Another source said consultants “used all the papers involved to prepare a document, which the president assented to, for the release of $6.9 billion, which translated to N388 billion last year. The president approved and asked that disbursement be done through the NGF, but a cap of N14.5 billion was the highest some states got in the first tranche. Release of the first tranche last year helped states settle December salaries and also, pension arrears in some states.” 

Regardless, NGF Head of Media and Public Affairs, Abdulrazaque Bello-Barkindo, insisted that many consultants facilitated release of the refund and so, it was immoral to deny them commission.  

He said: “This brings us to the issue of consultants, who facilitated the process. Indeed, a number of consultants were saddled with the task of verifying the amounts due to each  state. These consultants were recruited by the respective states, but were eventually collapsed into a consortium of only a few, even though the others, who did not make it to the final group, were reimbursed, according to their input.

“Many more consultants, throughout the country, are still insisting that they did work on this same Paris-London Clubs repayments since a decade ago and that they are entitled to some compensation as well. Many of them had actually and verifiably done some work in the past and negotiated a fee of between 10 per cent and 30 per cent, with the different states that engaged them. It was, therefore, immoral and impossible to deny each their due, provided their input is verified and justified.”

He said if the Federal Government had found anything corrupt, illegal and unpatriotic about the payment or the utilisation of the first tranche of the Paris-London Clubs fund repayment to states, it would not have approved the payment of the second tranche to the states. 

Said he: “After all, we all know the unimpeachable level of commitment of President Muhammadu Buhari on the issues of transparency and accountability. Note also, most importantly, at this juncture, that every decision that was taken in respect of all the transactions was with the full consent and blessing of the 36 governors.

“We, therefore, find the insinuation that monies went into the private accounts of seven unidentified governors as not only preposterous but also mischievous. The Economic and Financial Crimes Commission (EFCC) itself had issued a release exculpating all the governors, saying it was investigating the matter further.”

The NGF also commended Buhari for releasing funds, which former presidents  refused to.

Reacting to reports that governors were bickering over the sharing formula for the fresh funds, Bello-Barkindo said: “The (fresh) funds were covered by the first approvals and does not call for any reviews of the status quo. There has been no need for new consultants or review of the last agreements. The Paris London Clubs loan refund has been on the cards since 2005. Successive state governors had tried to get reimbursement for the excess deductions from their states in the past but did not succeed. The failure resulted from a number of reasons, varying from one state to another. It is, therefore, to the Nigeria Governors Forum’s credit that this set of governors was able to persuade President Muhammadu Buhari to authorise the release of the funds for disbursement to deserving states.

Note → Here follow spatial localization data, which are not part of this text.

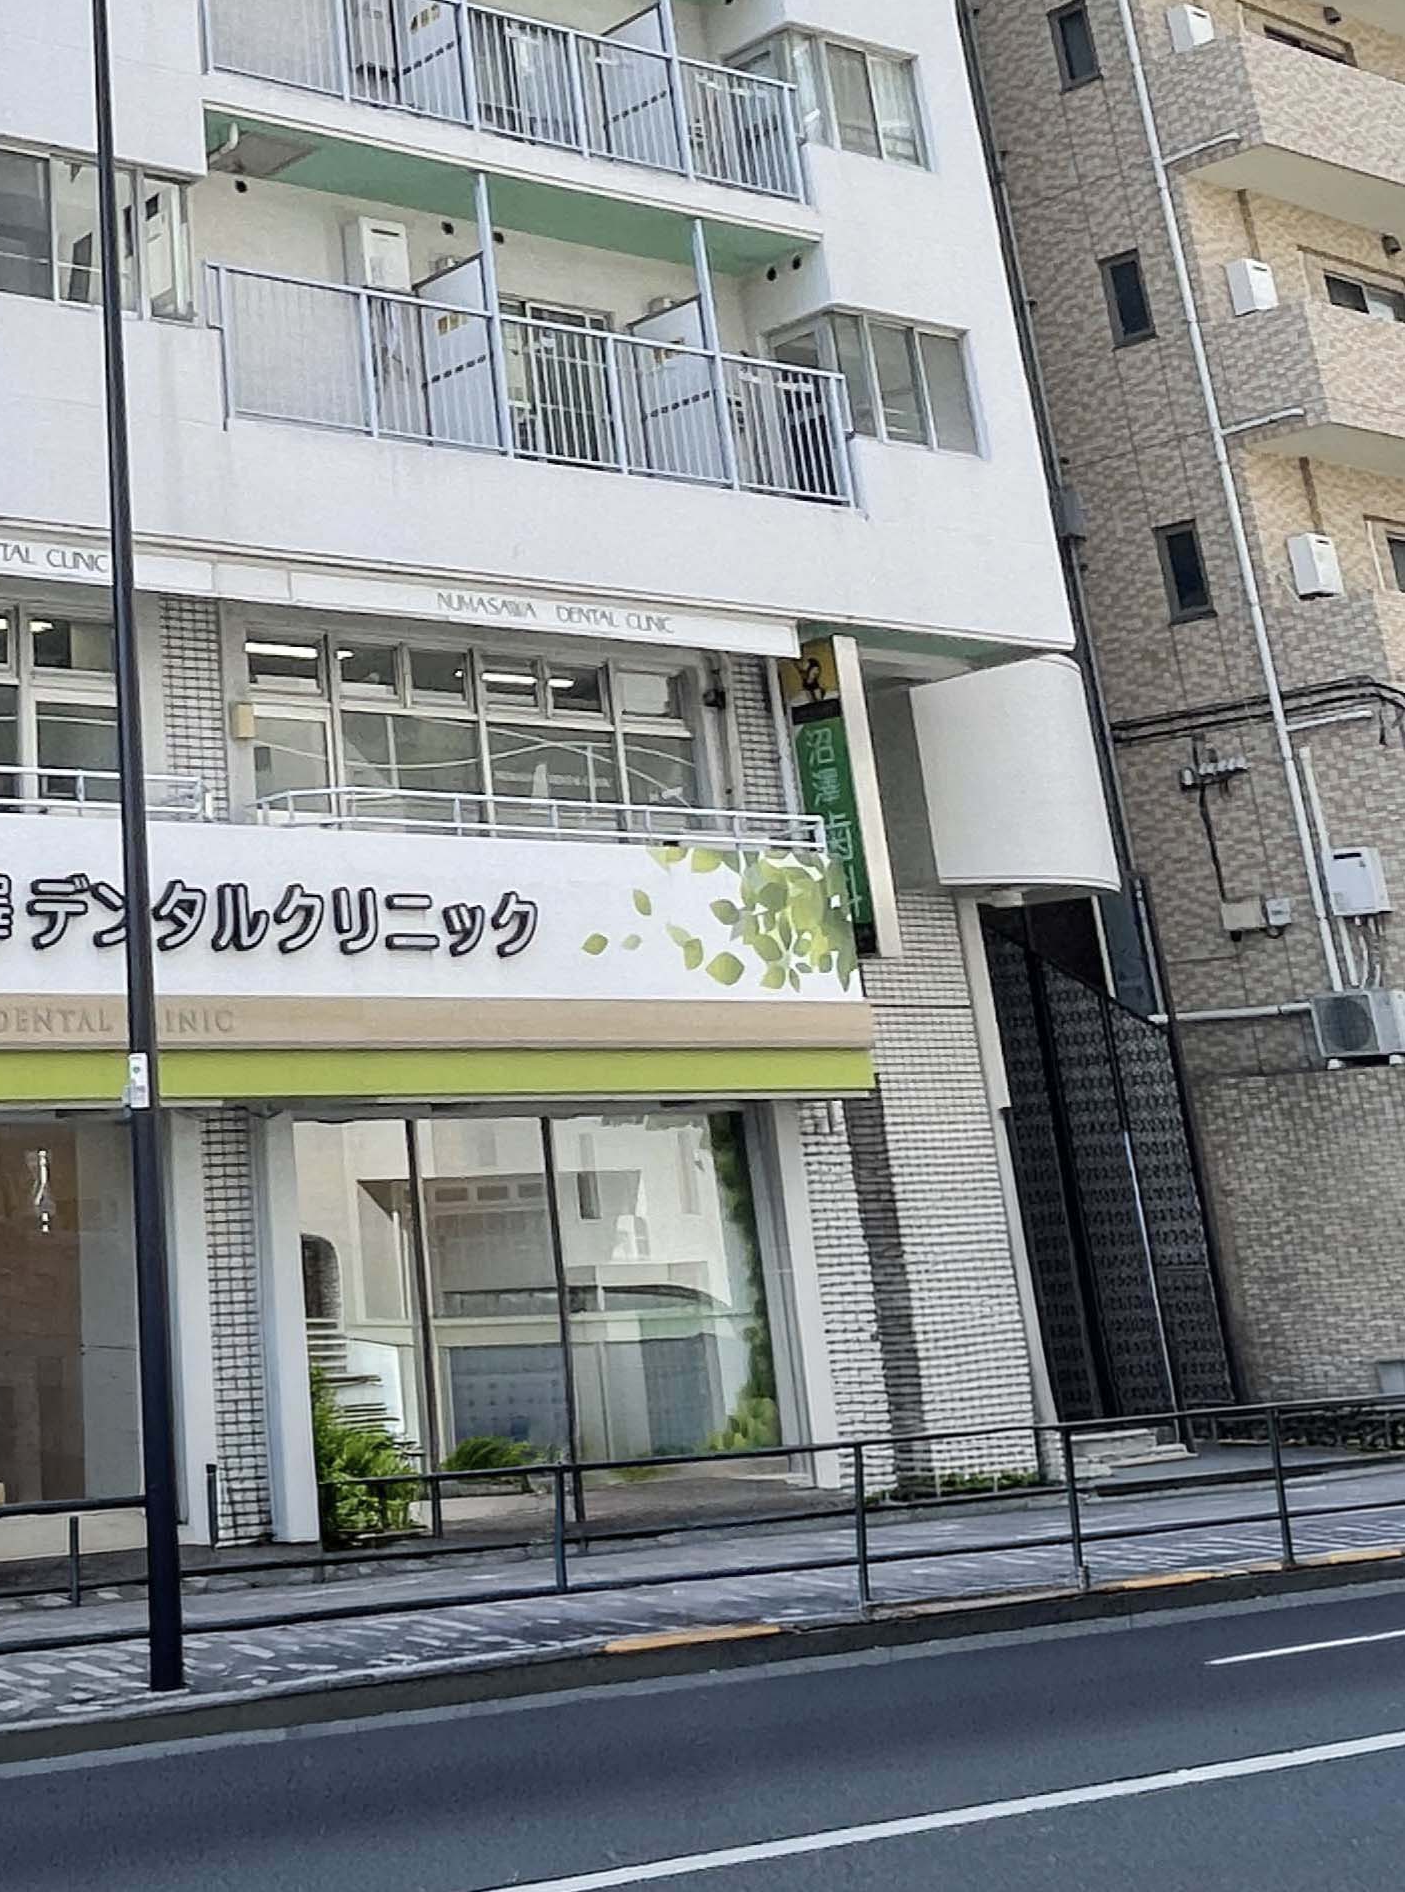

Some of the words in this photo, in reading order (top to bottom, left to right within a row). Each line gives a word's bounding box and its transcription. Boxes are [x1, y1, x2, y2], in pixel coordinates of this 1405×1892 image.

[47, 548, 108, 573] CLINIC
[437, 592, 537, 619] NUMASAWA
[556, 605, 620, 628] DENTAL
[163, 1008, 235, 1034] INIC
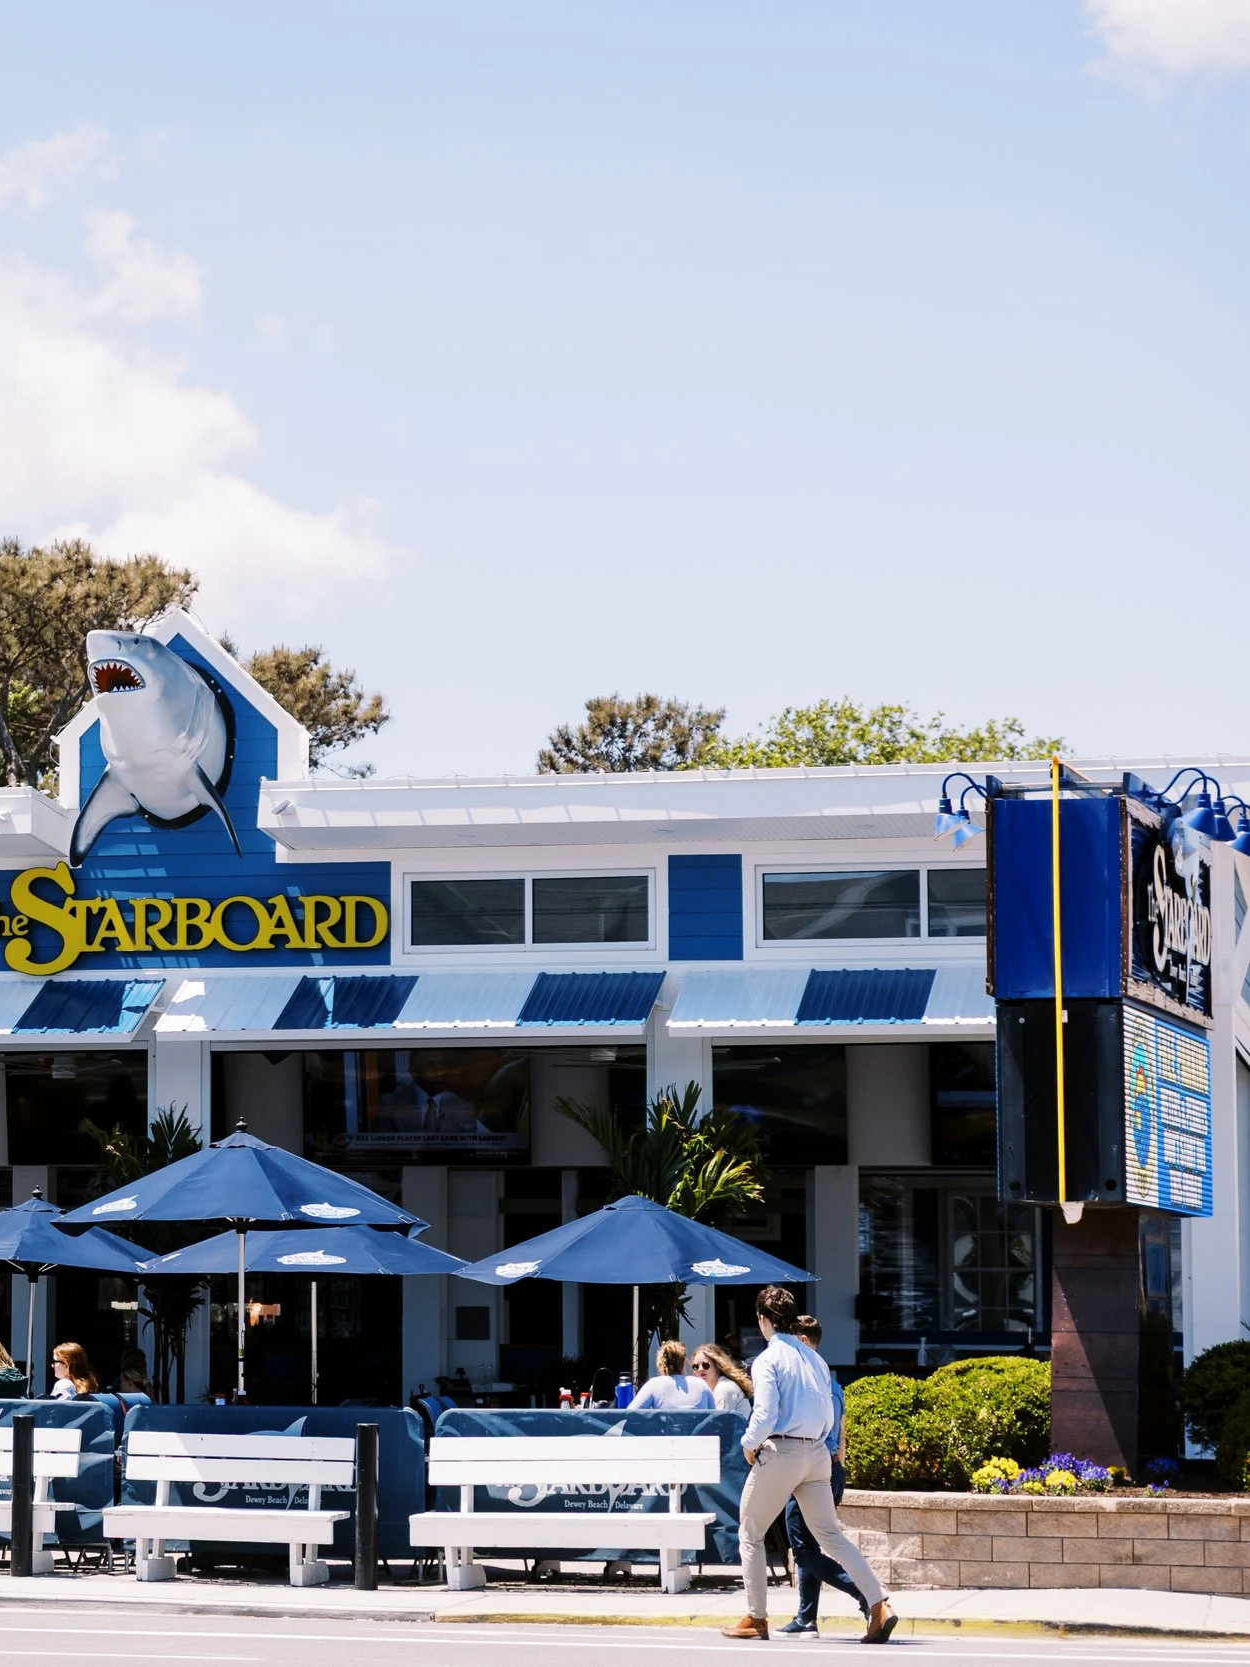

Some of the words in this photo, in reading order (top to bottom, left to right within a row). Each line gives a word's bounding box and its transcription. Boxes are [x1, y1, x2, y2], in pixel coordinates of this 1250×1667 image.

[4, 860, 389, 976] STARBOARD
[1153, 845, 1211, 972] STARBOARD
[245, 1495, 266, 1505] Dewey
[267, 1495, 288, 1504] Beach
[564, 1500, 586, 1510] Dewey
[587, 1500, 608, 1509] Beach
[615, 1501, 643, 1510] Delaware

‘‘President Buhari’s desire to reflate the economy at a time when states were insolvent and unable to pay salaries was why he acceded to the request by the current group of governors that the money be released to the states. It is true that there were conditions attached to the disbursements, but these arose from the collective and voluntary resolution of the governors and not any draconian order from any quarters. It shows that the governors themselves are responsible, sensitive and compassionate enough to understand the plight of Nigerians that they govern and, therefore, work in the interest of their people.

“It is important to state that in approving the repayment, due process was diligently followed and each and every approving authority, including the Federal Ministry of Finance, the office of the Accountant General of the Federation, the Central Bank of Nigeria and the office of the Auditor General of the Federation as well as the National Assembly were duly informed from the beginning to the end of all the transactions. Nothing illegal was done and no monies were paid into the personal account of any governor, legislator or top officials at any of the levels and arms of government in the country.”